There are plenty of ways you as an individual and activist can help bring about these changes. One of the most important is electing city council members who actually support fewer cars on streets. A recent proposal to create a busway along Main Street in Flushing, Queens (part of a larger initiative to add a new busway in each borough) has been held up due in large part to opposition from that district’s council member. City council elections are next year, and over two-thirds of the members will be term-limited, so this is a great opportunity to volunteer and vote for candidates who support your values. Additionally, many projects come up during the year which require community input, so another way to get involved is to simply stay up to date with local news and even attend your local community board meetings. Lastly, of course, the fewer people who drive, the easier it is to pass policies to open up streets, so use alternative means of transportation whenever possible.
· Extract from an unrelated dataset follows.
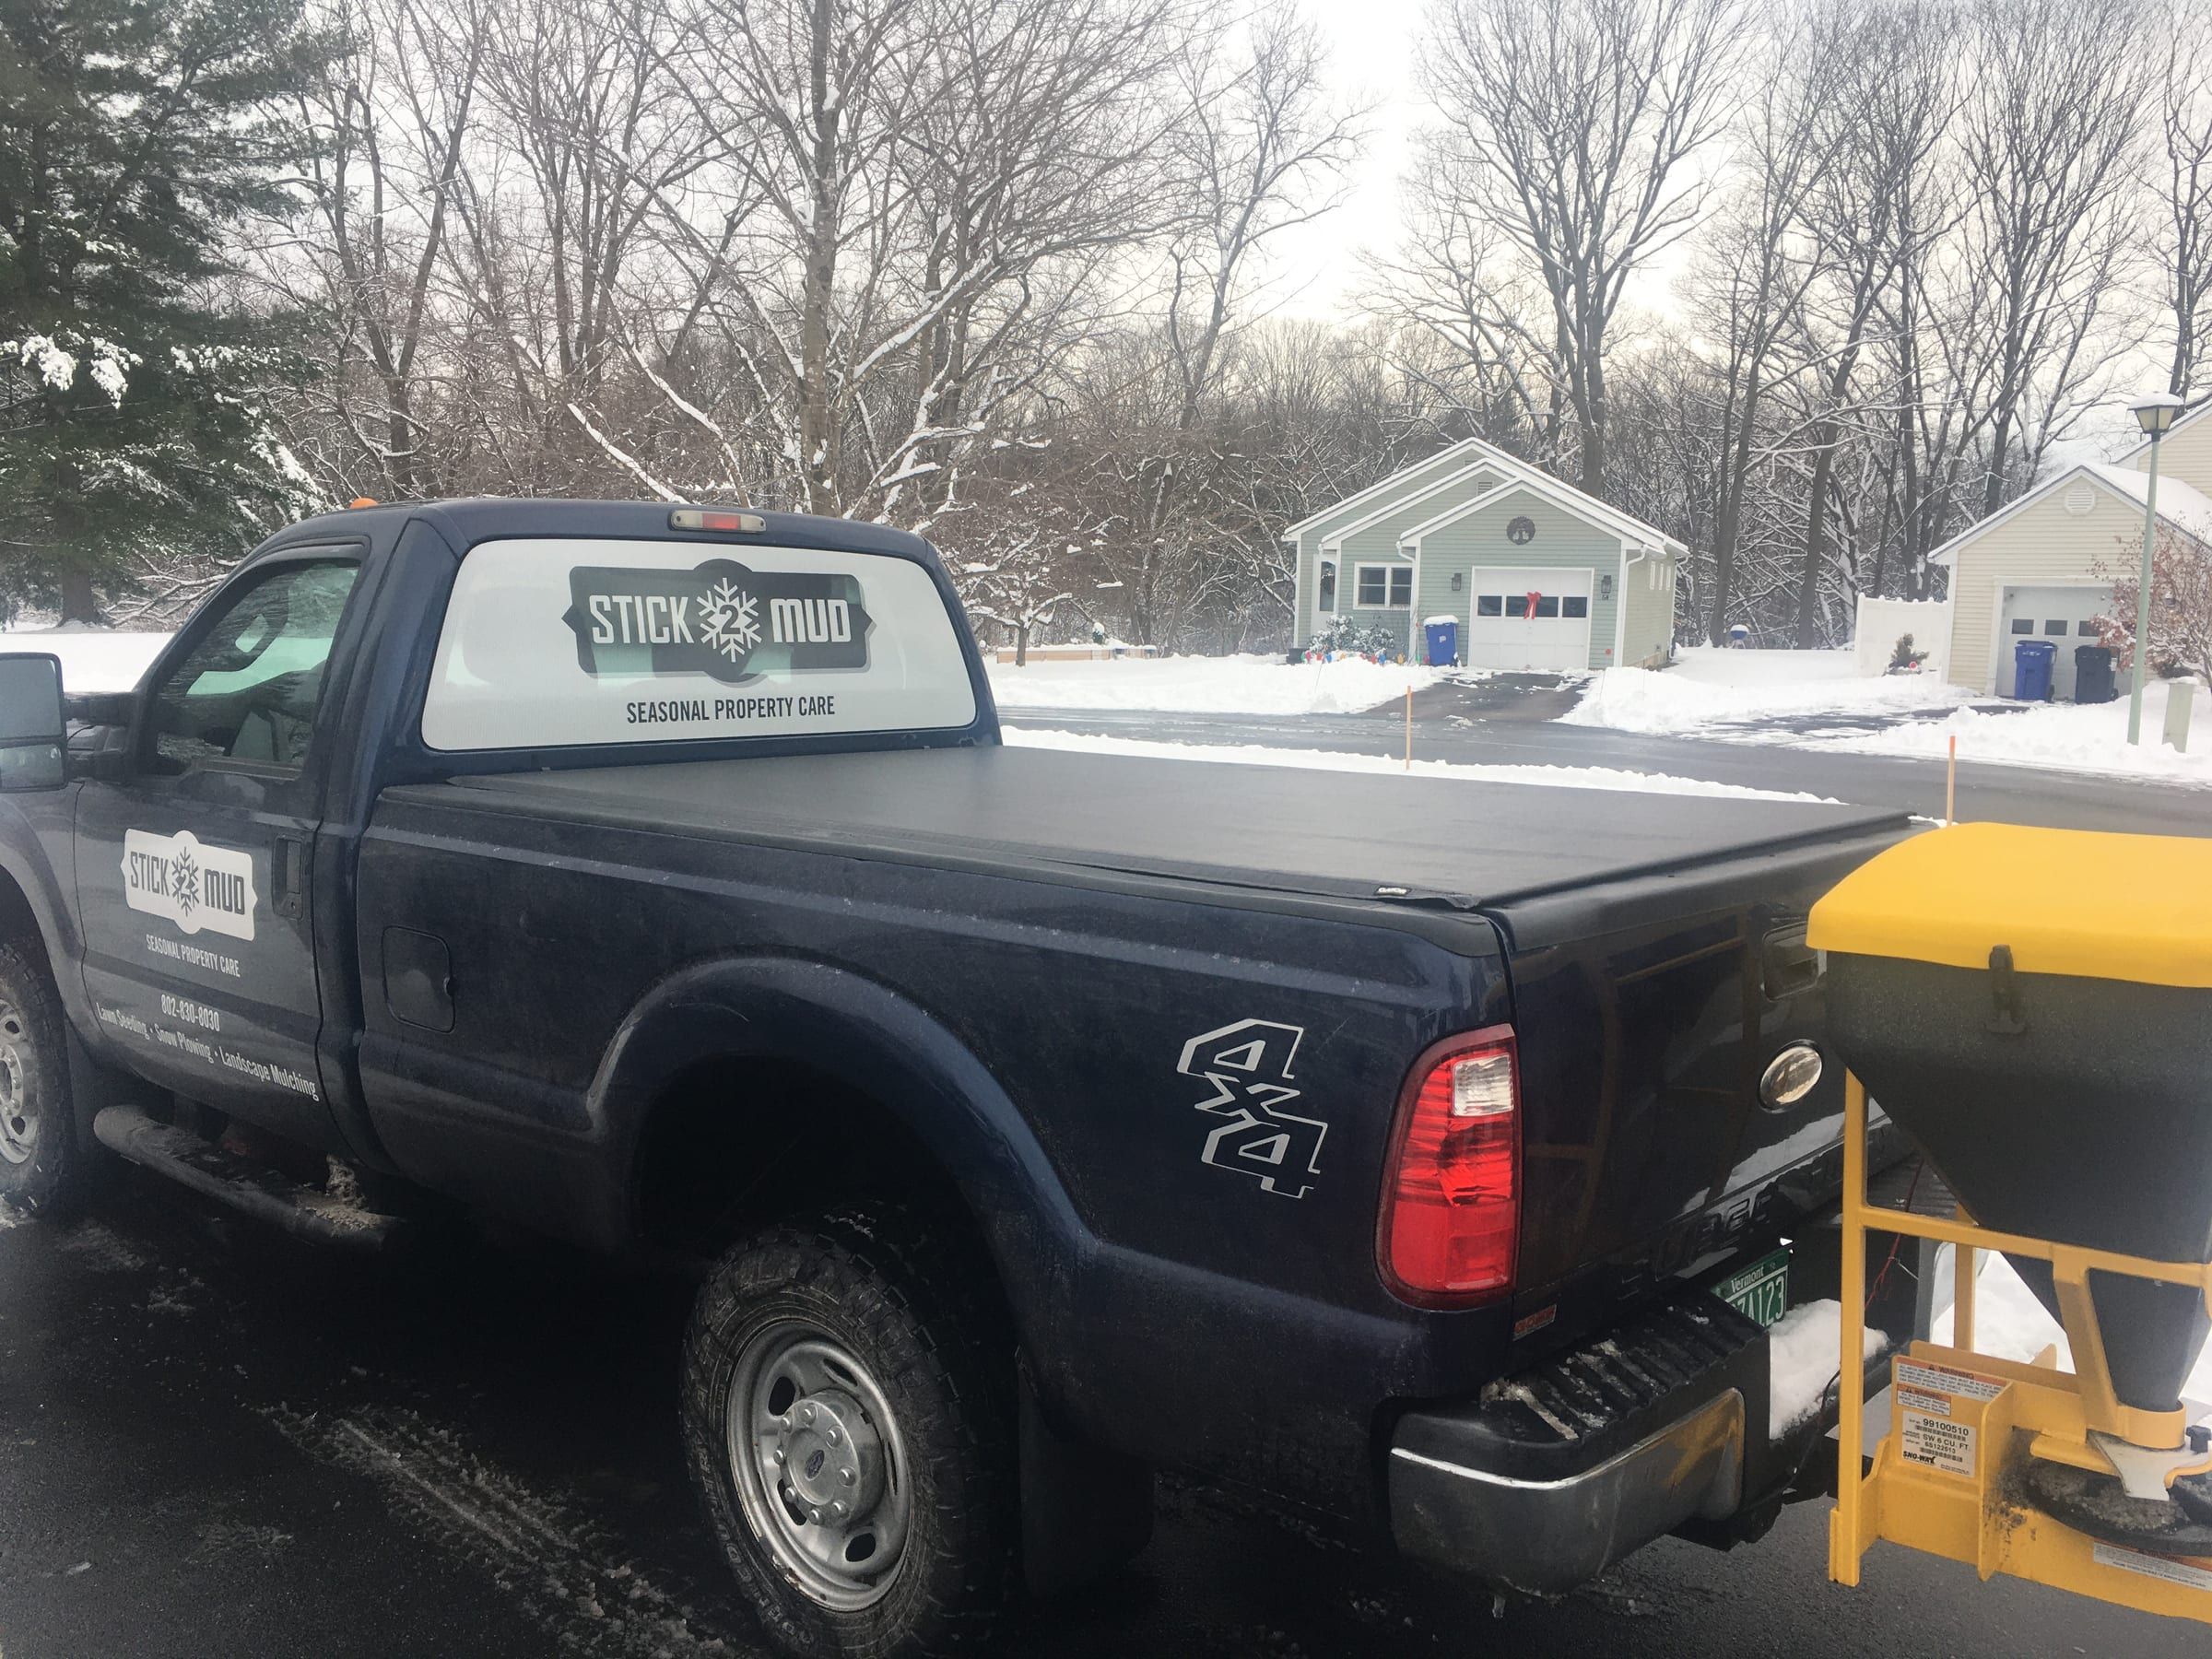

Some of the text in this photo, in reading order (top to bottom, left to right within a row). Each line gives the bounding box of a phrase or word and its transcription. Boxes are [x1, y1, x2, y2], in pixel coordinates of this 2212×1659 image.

One of the most immediate and most visible effects of the stay-at-home orders was a drastic drop in global pollution. Skylines from Los Angeles to New Delhi were drastically altered as the smog finally cleared. The price of oil even dipped below zero for a while, as fossil-fuel consumption plummeted. All of this just serves to illustrate the massive paradigm shift that is possible when an entire planet is put on pause. This current moment sucks, but it’s also a unique chance to press the reset button and imagine a better post-pandemic world, one that values health, safety, and livelihood. To pass it up would be a shame.